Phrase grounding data
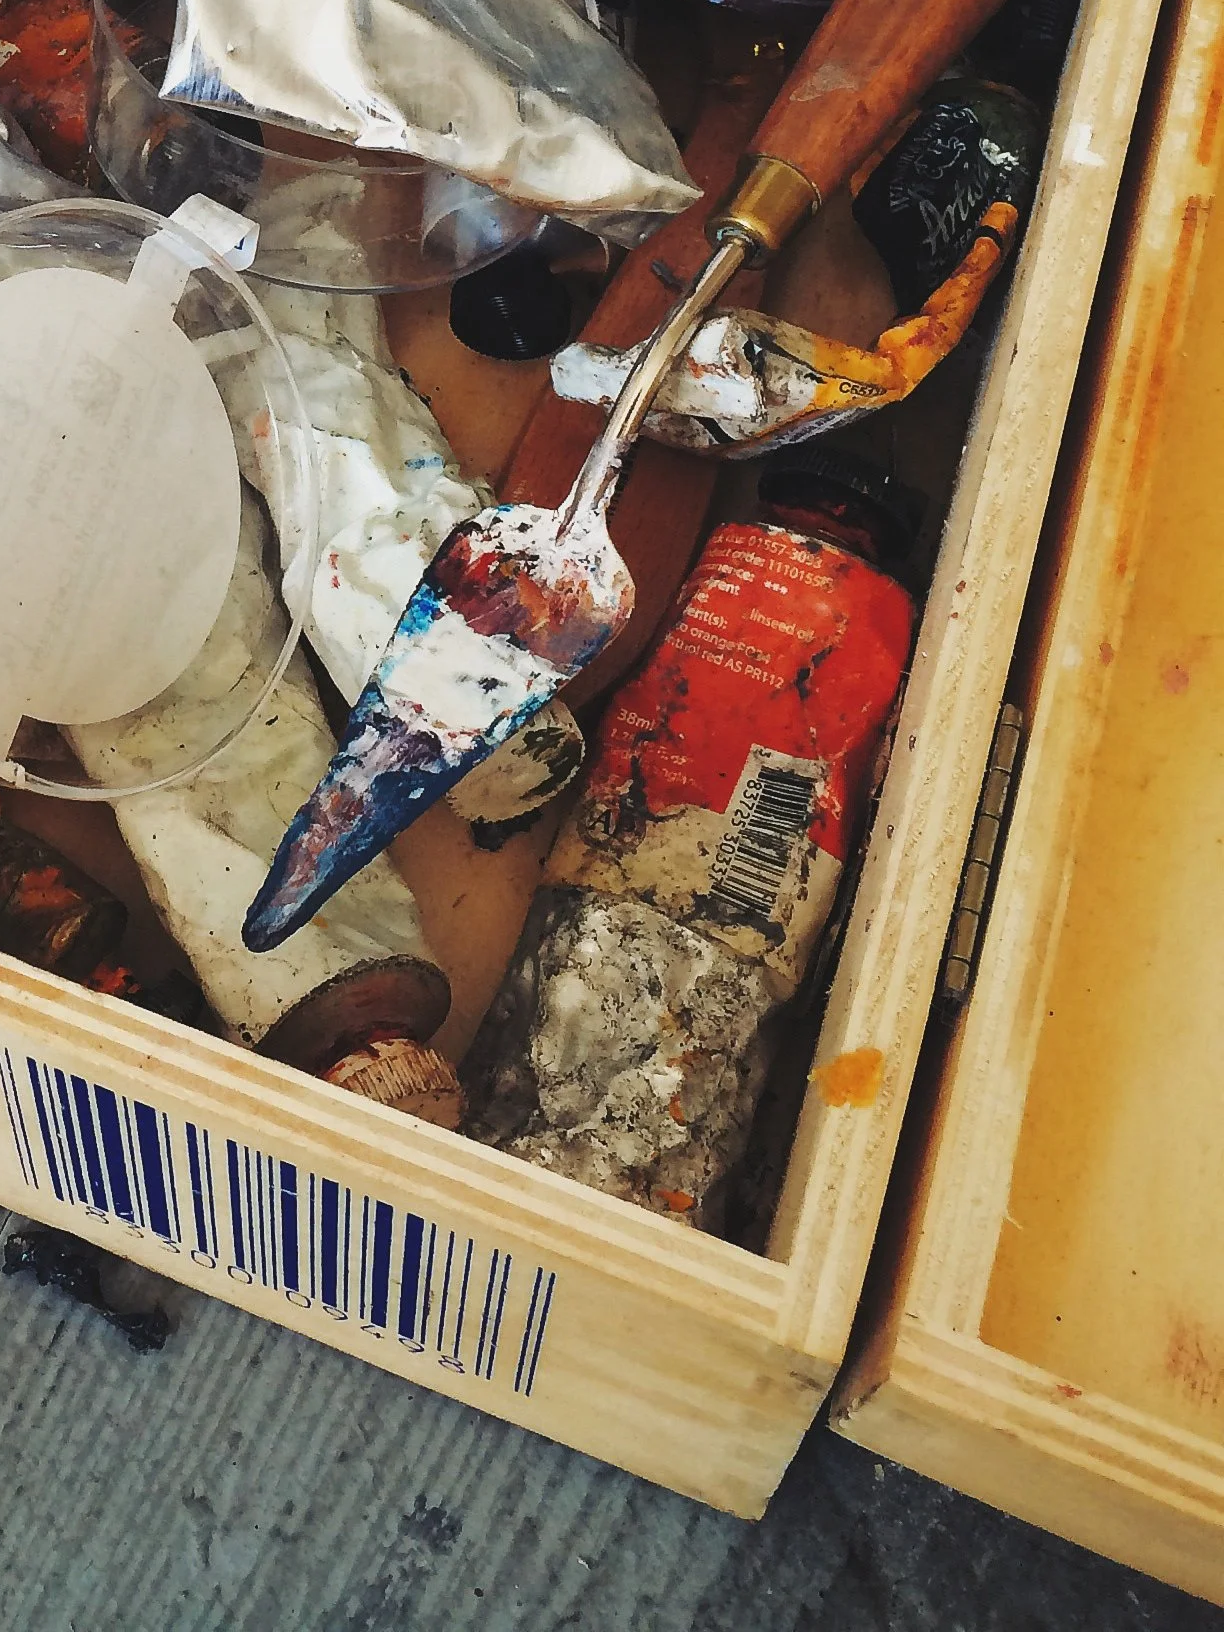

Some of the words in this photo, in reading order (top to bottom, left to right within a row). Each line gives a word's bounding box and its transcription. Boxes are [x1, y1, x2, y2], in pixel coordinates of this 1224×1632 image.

[749, 608, 795, 636] linseed
[690, 627, 733, 651] orange
[701, 649, 723, 666] red
[724, 658, 743, 673] AS
[744, 664, 785, 689] PR112
[616, 708, 656, 731] 38ml
[731, 778, 764, 830] 83725

ACTIVITY:
The answer is the entries above, given again exactly, with no pictures among them.

RESPONSE TO THE EXERCISE:
Some of the words in this photo, in reading order (top to bottom, left to right within a row). Each line gives a word's bounding box and its transcription. Boxes are [x1, y1, x2, y2], in pixel coordinates of this 1224×1632 image.

[749, 608, 795, 636] linseed
[690, 627, 733, 651] orange
[701, 649, 723, 666] red
[724, 658, 743, 673] AS
[744, 664, 785, 689] PR112
[616, 708, 656, 731] 38ml
[731, 778, 764, 830] 83725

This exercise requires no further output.